Georgia is preparing to execute Kenneth Fults (pictured) on April 12, following the Georgia Board of Pardons and Paroles denial of his clemency application. Fults’ current lawyers presented evidence to the Board that Fults is intellectually disabled and “functions in the lowest 1 percent of the population.” They also argued that Fults’ trial lawyer failed to present this evidence to the jury, as well as extensive evidence that Fults endured a childhood of chronic abuse and torment in which he reportedly was “beaten up and down by family members and strangers alike.”
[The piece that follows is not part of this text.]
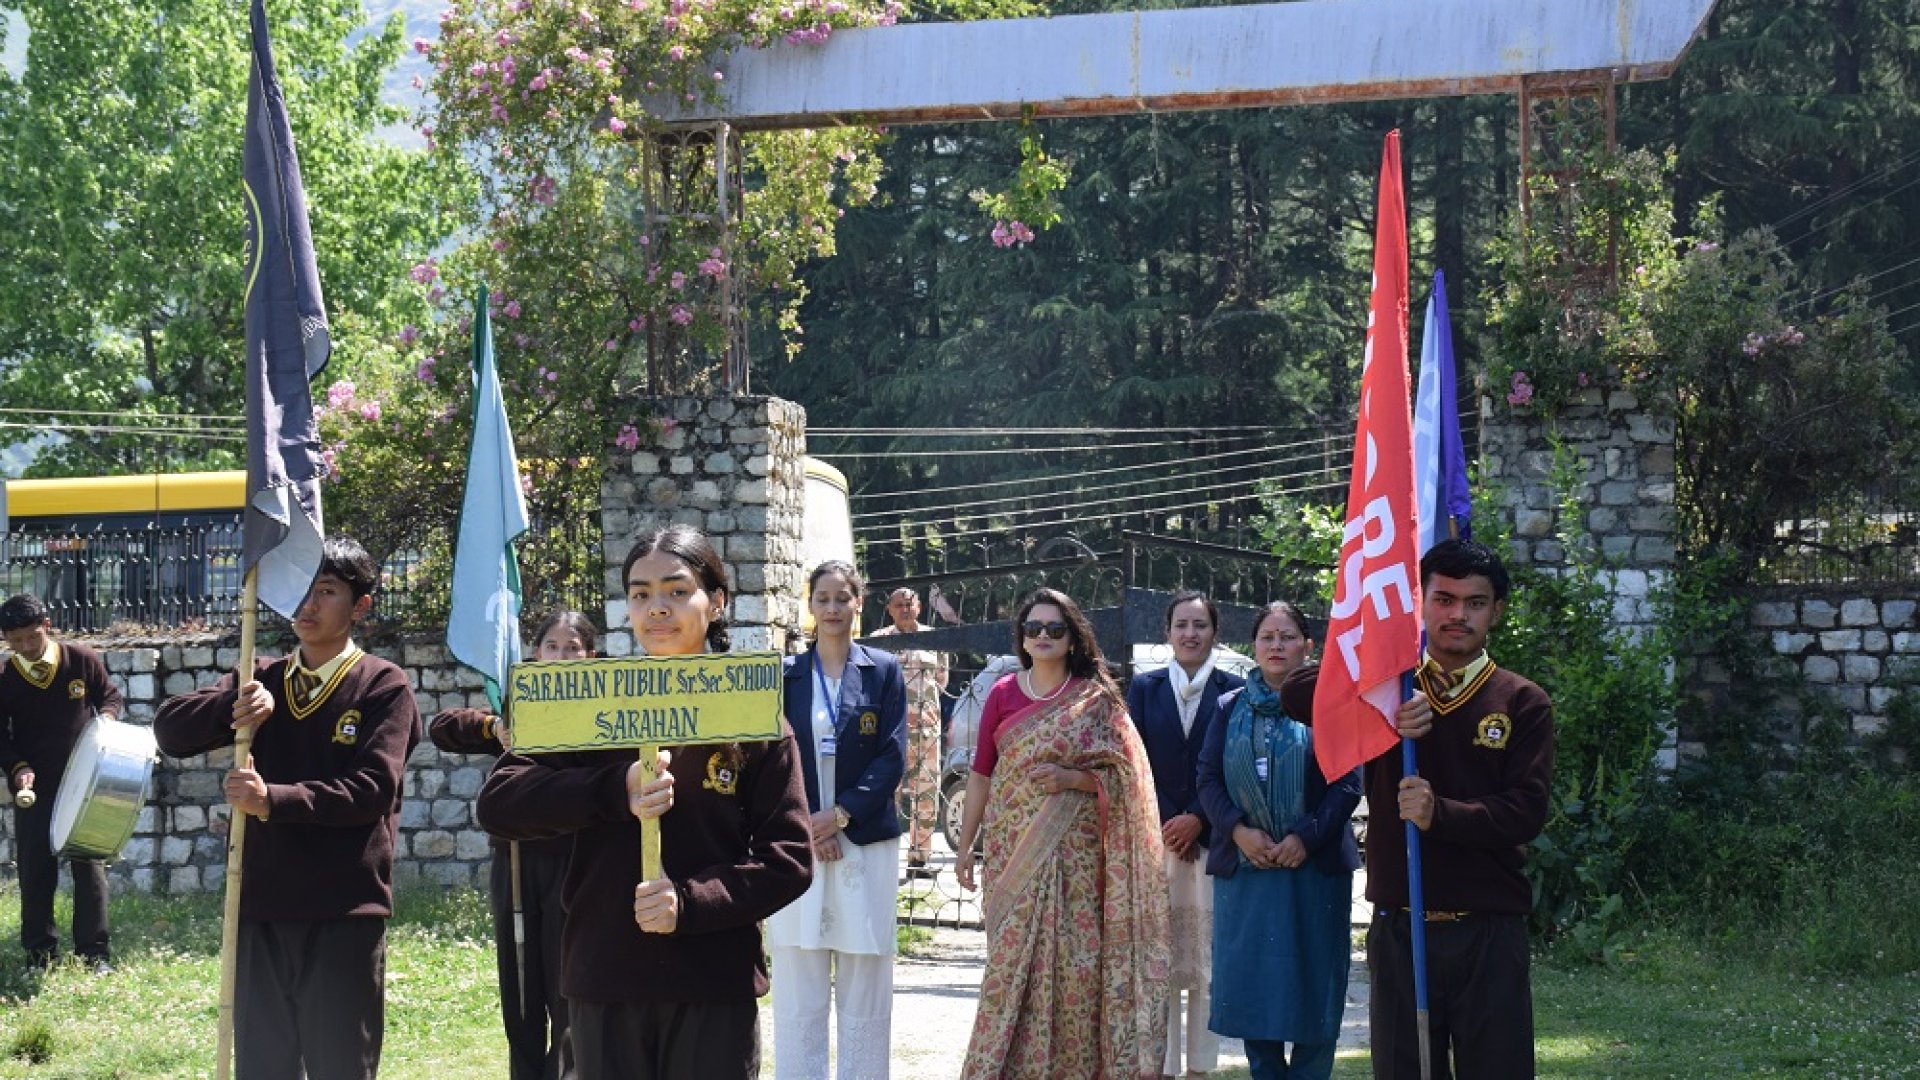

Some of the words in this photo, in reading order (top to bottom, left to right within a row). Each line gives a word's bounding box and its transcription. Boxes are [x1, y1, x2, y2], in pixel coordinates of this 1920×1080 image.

[516, 669, 607, 702] SARAHAN
[613, 668, 673, 698] PUBLIC
[594, 706, 700, 741] SARAHAN
According to juror affidavits submitted in the clemency proceedings, Fults’ original lawyer also slept through parts of the trial. Fults’ trial was also tainted by racism. The clemency application and several court pleadings attach an affidavit from one of the jurors admitting that even before the jury heard any testimony, he knew he was going to vote to sentence Fults to death. The affidavit, signed in 2005, states: “I don’t know if he ever killed anybody, but that (N-word) got just what should have happened. Once he pled guilty, I knew I would vote for the death penalty because that’s what that (N-word) deserved.”
Fults’ lawyers have also asked the U.S. Supreme Court to halt the execution and review the case, arguing that the juror’s racial bias unconstitutionally undermined the fairness of his sentencing proceeding.